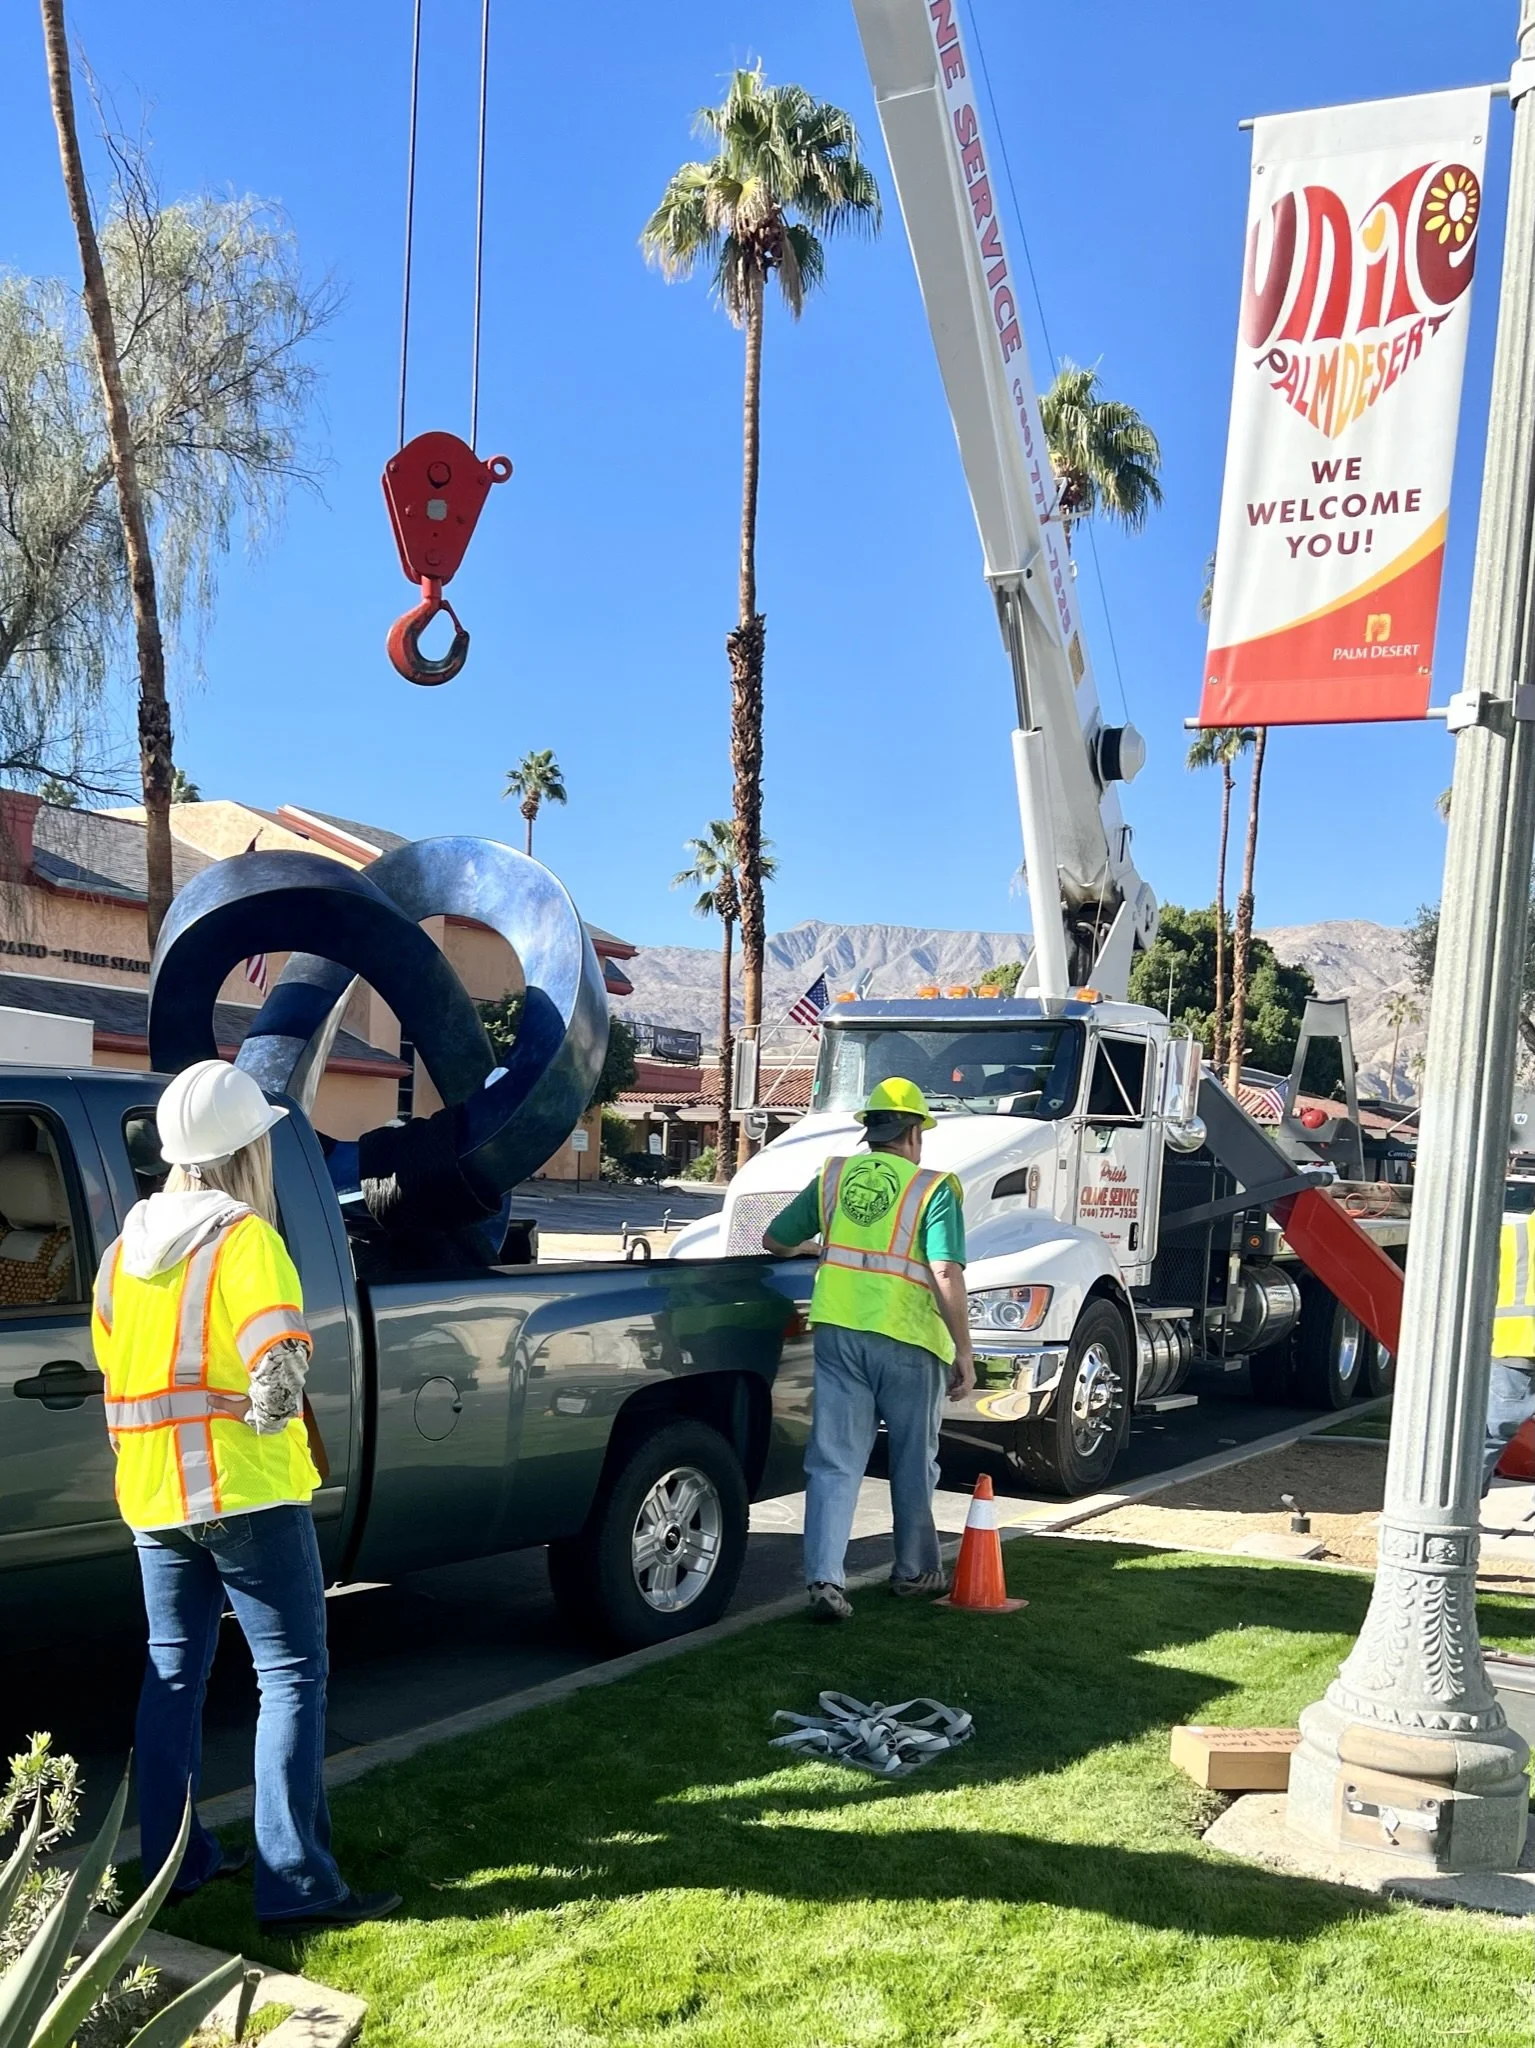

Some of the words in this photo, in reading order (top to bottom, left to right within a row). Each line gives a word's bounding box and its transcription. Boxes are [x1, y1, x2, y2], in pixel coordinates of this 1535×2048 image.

[930, 0, 966, 89] NE
[954, 103, 1022, 364] SERVICE
[1311, 456, 1362, 484] WE
[1247, 488, 1422, 527] WELCOME
[1286, 529, 1373, 559] YOU!
[1333, 647, 1368, 661] PALM
[1371, 644, 1420, 659] DESERT
[1080, 1186, 1108, 1206] CRANE
[1109, 1187, 1140, 1207] SERVICE
[1099, 1207, 1138, 1219] 777-7325
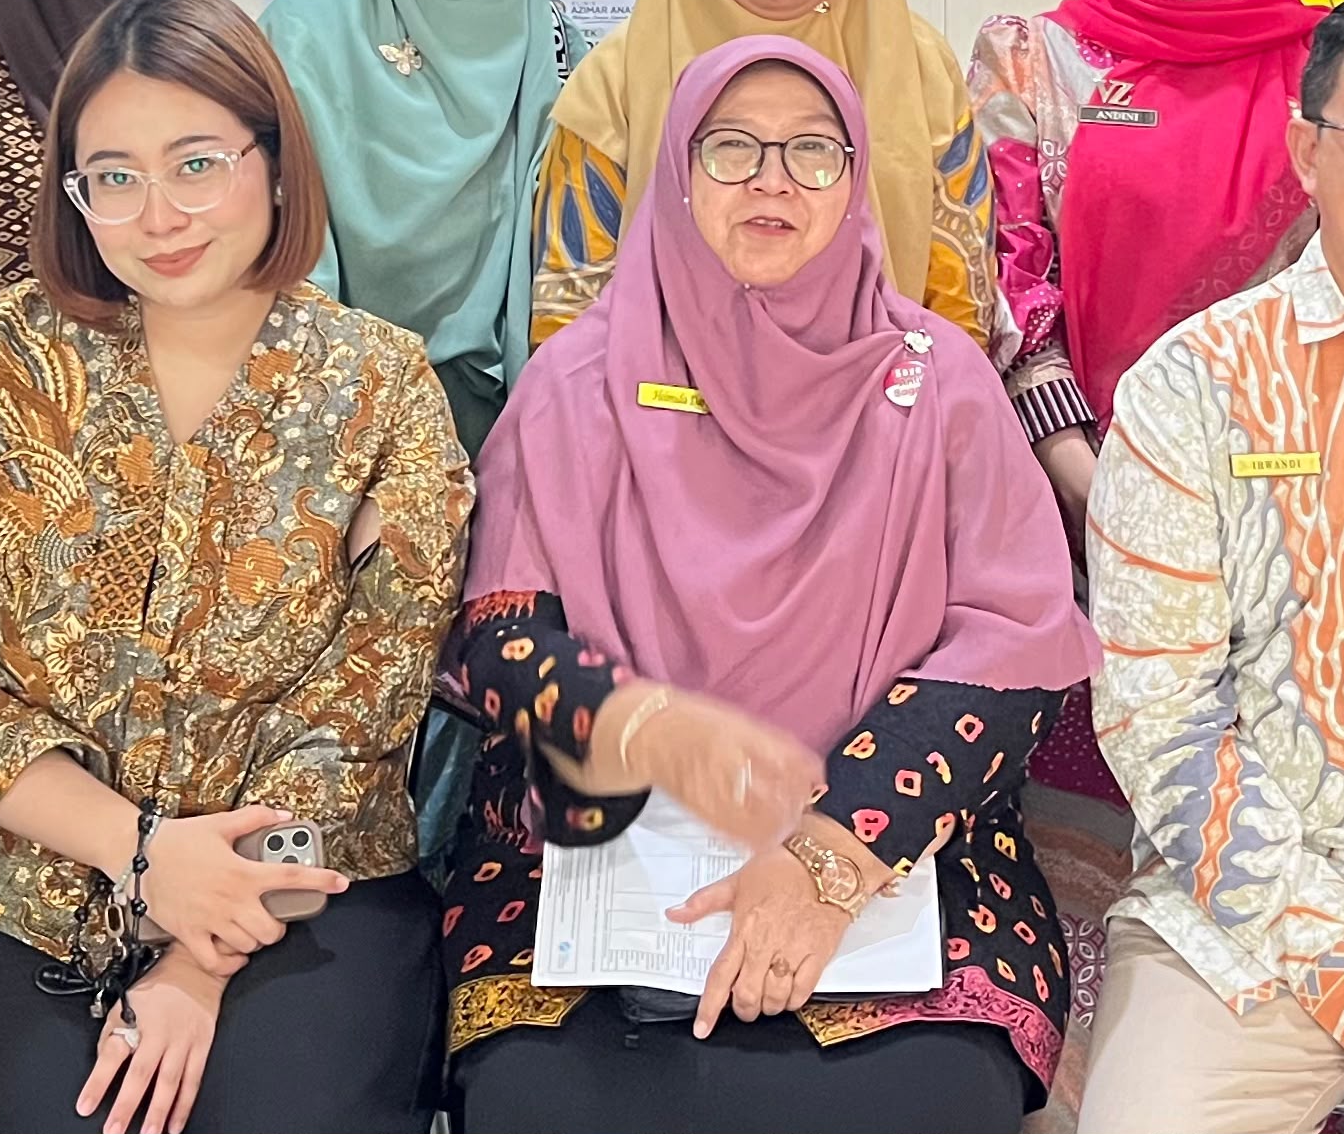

TASK ITEM: A verbatim transcription of the listing is expected, with no pictures included.

FINISHED EXERCISE:
Some of the words in this photo, in reading order (top to bottom, left to right within a row). Each line gives a word's bounding box and its transcription. Boxes are [x1, y1, x2, y2], in pixel coordinates of this 1535×2048 image.

[930, 0, 966, 89] NE
[954, 103, 1022, 364] SERVICE
[1311, 456, 1362, 484] WE
[1247, 488, 1422, 527] WELCOME
[1286, 529, 1373, 559] YOU!
[1333, 647, 1368, 661] PALM
[1371, 644, 1420, 659] DESERT
[1080, 1186, 1108, 1206] CRANE
[1109, 1187, 1140, 1207] SERVICE
[1099, 1207, 1138, 1219] 777-7325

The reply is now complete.